Kasanders’ Magda Sorel was a reticent heroine; desperation drove her to drastic measures. Her sumptuous voice, throbbing with emotion, rode the crests of Menotti’s soaring phrases with ease. She was a bit adrift in the final scene, but that was mostly Menotti’s doing, although Edelson shares some of the blame. The urgency and austerity that had prevailed dissipated with Menotti’s phantasmagoric excesses and a muddled staging that expanded into the house. Just how many times can a woman kneel before a stove with a towel over her head and keep it interesting?

As her husband, Robert Wesley Mason was virile with a robust voice.
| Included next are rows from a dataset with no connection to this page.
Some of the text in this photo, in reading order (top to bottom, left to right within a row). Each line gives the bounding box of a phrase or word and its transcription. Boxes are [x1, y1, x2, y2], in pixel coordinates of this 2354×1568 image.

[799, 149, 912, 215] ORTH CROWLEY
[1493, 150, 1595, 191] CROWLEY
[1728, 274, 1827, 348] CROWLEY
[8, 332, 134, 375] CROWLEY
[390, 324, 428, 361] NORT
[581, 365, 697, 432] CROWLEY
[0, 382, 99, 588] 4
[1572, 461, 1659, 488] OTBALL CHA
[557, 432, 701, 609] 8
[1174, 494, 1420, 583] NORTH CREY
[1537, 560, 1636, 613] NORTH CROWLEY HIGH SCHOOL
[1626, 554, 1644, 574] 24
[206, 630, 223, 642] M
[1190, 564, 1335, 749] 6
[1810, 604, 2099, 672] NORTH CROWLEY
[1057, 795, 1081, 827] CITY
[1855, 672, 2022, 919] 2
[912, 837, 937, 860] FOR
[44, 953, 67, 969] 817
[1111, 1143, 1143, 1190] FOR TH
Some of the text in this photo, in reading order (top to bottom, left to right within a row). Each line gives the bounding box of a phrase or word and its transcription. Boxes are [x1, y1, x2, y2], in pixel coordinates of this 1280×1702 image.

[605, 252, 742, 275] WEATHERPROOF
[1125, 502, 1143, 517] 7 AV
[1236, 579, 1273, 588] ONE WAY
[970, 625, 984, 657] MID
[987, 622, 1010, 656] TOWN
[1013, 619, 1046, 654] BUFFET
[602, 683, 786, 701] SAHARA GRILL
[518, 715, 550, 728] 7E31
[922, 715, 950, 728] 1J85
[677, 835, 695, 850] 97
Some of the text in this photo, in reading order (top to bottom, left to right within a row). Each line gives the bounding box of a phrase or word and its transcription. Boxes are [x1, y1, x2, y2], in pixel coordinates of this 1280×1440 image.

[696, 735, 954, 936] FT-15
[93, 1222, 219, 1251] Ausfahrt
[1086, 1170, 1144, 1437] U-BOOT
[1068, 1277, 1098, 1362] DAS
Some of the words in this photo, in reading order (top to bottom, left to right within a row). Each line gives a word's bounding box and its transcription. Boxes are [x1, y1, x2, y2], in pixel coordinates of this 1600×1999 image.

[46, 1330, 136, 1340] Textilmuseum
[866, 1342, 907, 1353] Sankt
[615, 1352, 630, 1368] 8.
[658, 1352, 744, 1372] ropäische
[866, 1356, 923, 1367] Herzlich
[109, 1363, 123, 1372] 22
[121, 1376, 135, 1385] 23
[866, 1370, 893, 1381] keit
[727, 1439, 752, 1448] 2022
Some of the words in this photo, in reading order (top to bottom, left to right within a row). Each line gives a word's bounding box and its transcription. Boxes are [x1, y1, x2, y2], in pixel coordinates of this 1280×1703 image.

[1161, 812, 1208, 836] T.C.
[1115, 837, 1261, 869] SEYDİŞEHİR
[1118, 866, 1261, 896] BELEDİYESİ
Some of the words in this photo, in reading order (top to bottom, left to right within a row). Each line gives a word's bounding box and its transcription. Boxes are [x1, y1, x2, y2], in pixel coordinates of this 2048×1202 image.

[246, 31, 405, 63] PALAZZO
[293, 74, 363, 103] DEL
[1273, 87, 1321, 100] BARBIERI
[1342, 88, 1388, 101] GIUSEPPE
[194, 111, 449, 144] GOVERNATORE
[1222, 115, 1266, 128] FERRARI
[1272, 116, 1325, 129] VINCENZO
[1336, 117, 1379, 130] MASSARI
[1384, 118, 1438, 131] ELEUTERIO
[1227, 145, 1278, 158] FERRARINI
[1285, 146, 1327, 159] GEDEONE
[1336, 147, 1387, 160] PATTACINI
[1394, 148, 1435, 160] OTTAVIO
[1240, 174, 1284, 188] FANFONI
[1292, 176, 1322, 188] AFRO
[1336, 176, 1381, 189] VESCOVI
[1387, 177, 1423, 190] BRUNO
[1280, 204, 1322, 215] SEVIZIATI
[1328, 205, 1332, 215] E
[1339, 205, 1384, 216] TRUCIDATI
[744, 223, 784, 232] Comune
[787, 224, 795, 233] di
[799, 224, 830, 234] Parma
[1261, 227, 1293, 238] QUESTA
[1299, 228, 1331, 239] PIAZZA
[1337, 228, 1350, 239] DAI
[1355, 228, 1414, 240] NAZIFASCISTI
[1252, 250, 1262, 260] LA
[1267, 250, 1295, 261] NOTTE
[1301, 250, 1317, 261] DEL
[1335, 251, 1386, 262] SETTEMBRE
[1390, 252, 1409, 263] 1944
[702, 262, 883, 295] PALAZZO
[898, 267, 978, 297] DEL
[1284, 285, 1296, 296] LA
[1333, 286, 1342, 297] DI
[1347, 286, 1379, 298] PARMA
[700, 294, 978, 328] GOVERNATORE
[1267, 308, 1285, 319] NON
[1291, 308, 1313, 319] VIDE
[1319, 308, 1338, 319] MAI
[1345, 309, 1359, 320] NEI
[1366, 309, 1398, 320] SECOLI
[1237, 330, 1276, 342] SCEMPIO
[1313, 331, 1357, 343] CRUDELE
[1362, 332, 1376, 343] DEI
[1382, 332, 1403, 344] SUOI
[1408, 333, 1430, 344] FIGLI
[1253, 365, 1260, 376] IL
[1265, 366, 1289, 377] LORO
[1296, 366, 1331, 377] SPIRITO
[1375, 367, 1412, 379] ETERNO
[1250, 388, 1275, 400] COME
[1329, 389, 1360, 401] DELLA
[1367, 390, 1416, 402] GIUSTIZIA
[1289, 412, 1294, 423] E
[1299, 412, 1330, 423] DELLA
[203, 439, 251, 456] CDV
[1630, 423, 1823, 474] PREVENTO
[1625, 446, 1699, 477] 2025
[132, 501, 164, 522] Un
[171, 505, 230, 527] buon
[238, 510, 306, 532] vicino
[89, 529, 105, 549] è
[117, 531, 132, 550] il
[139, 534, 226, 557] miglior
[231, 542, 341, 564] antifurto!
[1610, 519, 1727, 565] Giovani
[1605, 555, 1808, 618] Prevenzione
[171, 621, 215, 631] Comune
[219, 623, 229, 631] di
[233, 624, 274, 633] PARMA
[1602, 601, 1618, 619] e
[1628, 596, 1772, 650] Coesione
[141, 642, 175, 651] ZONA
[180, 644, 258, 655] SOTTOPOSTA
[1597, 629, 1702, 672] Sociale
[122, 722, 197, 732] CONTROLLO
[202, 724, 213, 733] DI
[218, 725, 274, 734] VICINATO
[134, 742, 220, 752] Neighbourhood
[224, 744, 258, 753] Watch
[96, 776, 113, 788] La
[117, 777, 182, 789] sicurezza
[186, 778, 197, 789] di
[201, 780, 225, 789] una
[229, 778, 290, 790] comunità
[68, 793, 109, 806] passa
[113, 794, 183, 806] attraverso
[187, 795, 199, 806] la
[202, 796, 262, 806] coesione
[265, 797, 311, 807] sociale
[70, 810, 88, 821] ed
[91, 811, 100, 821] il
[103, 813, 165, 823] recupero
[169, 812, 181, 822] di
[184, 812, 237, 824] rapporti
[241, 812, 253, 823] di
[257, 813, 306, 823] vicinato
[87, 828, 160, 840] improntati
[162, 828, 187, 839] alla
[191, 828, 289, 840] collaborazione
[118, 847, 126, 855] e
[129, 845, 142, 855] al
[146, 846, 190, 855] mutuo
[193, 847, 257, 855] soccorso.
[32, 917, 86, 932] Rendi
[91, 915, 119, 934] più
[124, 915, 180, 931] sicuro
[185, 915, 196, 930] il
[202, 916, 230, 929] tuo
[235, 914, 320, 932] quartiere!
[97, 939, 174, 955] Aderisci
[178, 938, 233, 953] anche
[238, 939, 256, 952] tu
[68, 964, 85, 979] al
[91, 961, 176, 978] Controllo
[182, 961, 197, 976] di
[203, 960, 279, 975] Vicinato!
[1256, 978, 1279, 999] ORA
Deborah Nansteel, his mother, exuded stoicism; her ‘Lullaby’ was all the more tender and touching for the restraint with which she caressed its low notes. When they joined Kasanders in the trio ‘Now, O lips, say goodbye’, all oversang. A bit of restraint would have permitted the emotion of John’s parting to resonate throughout the theater instead of their voices.

Jennifer Panara as the Secretary was icy perfection. Her mask of indifference slipped only when she saw light at the end of the tunnel for any of the people that besieged her daily. Tyler Nelson’s Magician was the most complex characterization on stage. He had performed his tricks before nobility but was uncertain that he could pull a visa out of the consul’s hat. Dark and menacing with a glint in his eyes, Nate Mattingly as the Secret Police Agent oozed evil.

Andrew Bisantz conducted the score with passion, whipping up swelling arcs of melody that filled the theater. The performance was well paced, and although volume could be an issue, balance never was. The orchestra had a few slip-ups here and there, easily overlooked as they too appeared caught up in the drama that was unfolding.

The Consul opened on Broadway in 1950 and ran for about eight months. Would that this production, so timely and powerful, have the same fate.